Capra keeps the scenes on a short lead: jokes land, then consequences follow. You can almost hear the newsroom machinery—headlines, hustle, moral shortcuts—as Jean Arthur’s Babe Bennett works him under false pretences for a story, then catches feelings (and a conscience). When a desperate farmer turns up with a gun, the film stops winking and shows its hand: Deeds’ plan to fund 2,000 ten-acre farms isn’t a gimmick, it’s a challenge.
Yes, Capra can’t resist a big courtroom crescendo, but the sanity hearing still bites. It’s humane, funny, and unexpectedly bracing—comfort cinema with a backbone.
Frank Capra gives us an unlikely American hero, a rich man who wants to give all his money away! Longfellow Deeds (Gary Cooper) is an everyman from Hicksville who inherits $20m and moves to the bright lights of New York. Mr. Deeds is taken for a ride, but surely he can trust the fast talking newshound (Jean Arthur) he is falling in love with?

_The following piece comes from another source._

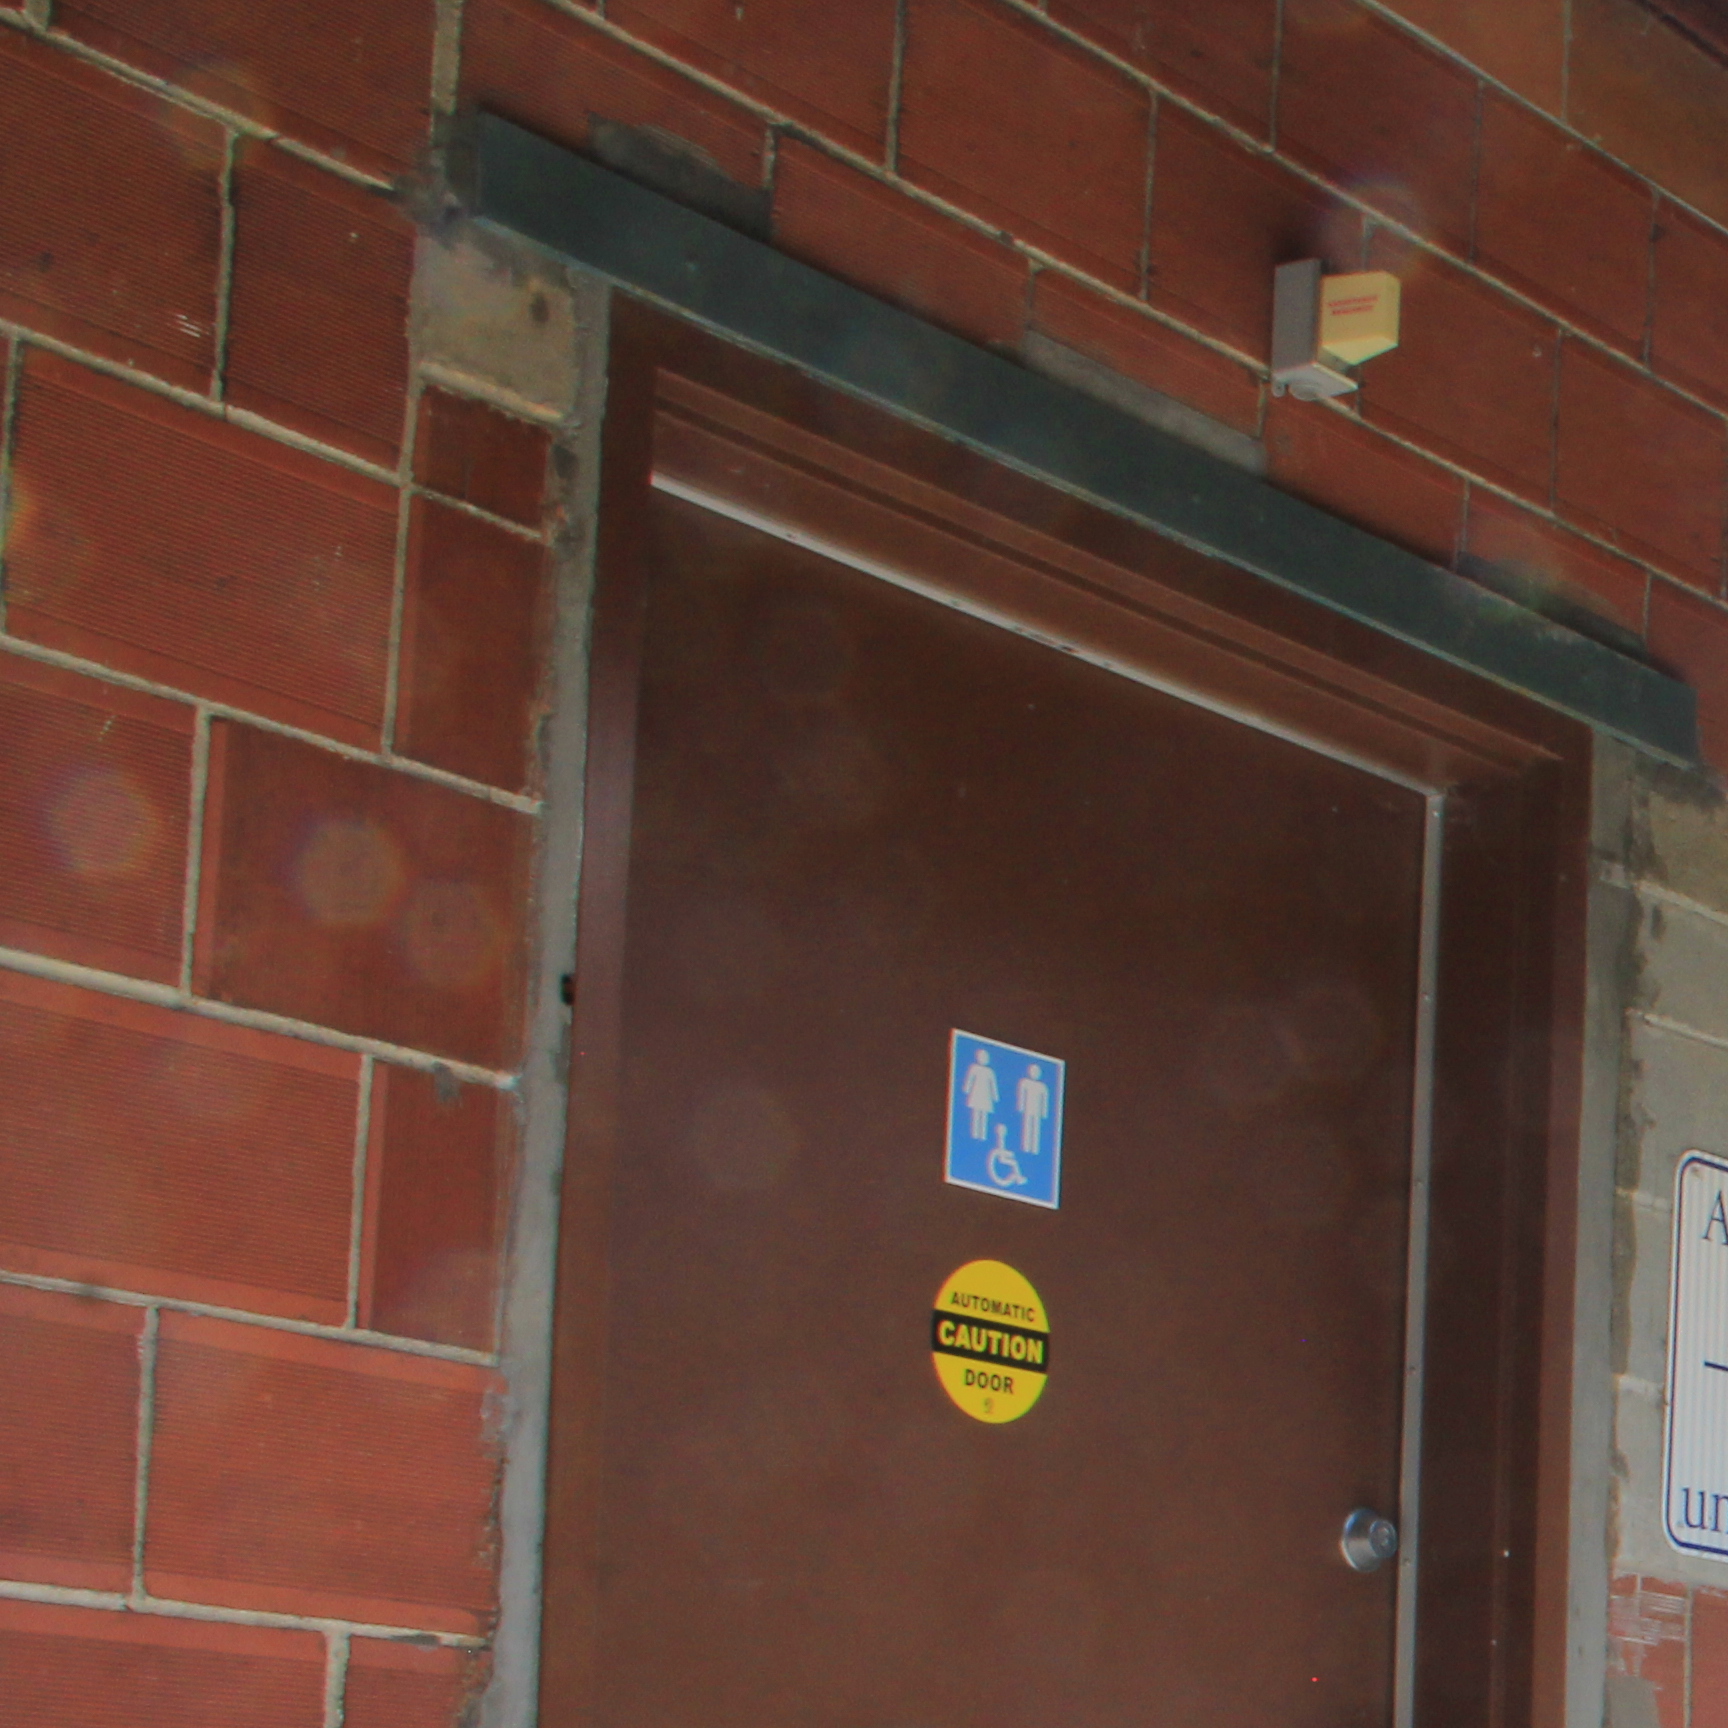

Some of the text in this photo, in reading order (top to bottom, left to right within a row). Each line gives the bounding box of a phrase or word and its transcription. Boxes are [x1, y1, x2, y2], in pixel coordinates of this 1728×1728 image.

[951, 1291, 1035, 1322] AUTOMATIC
[937, 1320, 1043, 1364] CAUTION
[964, 1369, 1013, 1394] DOOR

Cooper gives a signature performance as the provincial, tuba playing writer of greetings cards who grows disillusioned by ambient corruption. Arthur became a star as the tough cynic who repents. As ever, Robert Riskin's dialogue is full of sharp political wit, and he's brilliant at voicing Deeds' idiosyncratic wisdom.

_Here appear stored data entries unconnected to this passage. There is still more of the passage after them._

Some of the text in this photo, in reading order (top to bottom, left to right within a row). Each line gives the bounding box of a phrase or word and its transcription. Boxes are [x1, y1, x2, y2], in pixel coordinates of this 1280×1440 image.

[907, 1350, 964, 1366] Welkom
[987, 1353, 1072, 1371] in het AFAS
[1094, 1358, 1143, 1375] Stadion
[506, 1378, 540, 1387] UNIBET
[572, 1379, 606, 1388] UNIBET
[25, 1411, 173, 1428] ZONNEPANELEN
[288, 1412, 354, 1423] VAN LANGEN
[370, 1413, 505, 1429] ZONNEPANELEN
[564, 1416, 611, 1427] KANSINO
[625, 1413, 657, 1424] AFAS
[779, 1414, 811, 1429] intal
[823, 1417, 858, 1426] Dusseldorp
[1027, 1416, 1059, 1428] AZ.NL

Some of the commentary on America in the depression feels like editorialising. Unlike other Capra/Riskin films, the message isn't spun into the thread of the narrative. They hammer away at the point that America needs to find a unified solution to the depression which includes the rich and the poor. At times the film seems as unworldly as its hero.
There are many incidental pleasures, like the unflattering portrayal of the Algonquin round table of New Yorker critics. Its theme is that a corrupt society will always make good people appear naive, even dangerous. Which is fair enough. Deeds wins out because Capra can't send his audience home without hope. But the fascists had seized power across Europe.
This comedy-drama is almost identical in plot to the later Mr. Smith Goes To Washington, except that Mr. Deeds is a jerk and it is much less engrossing.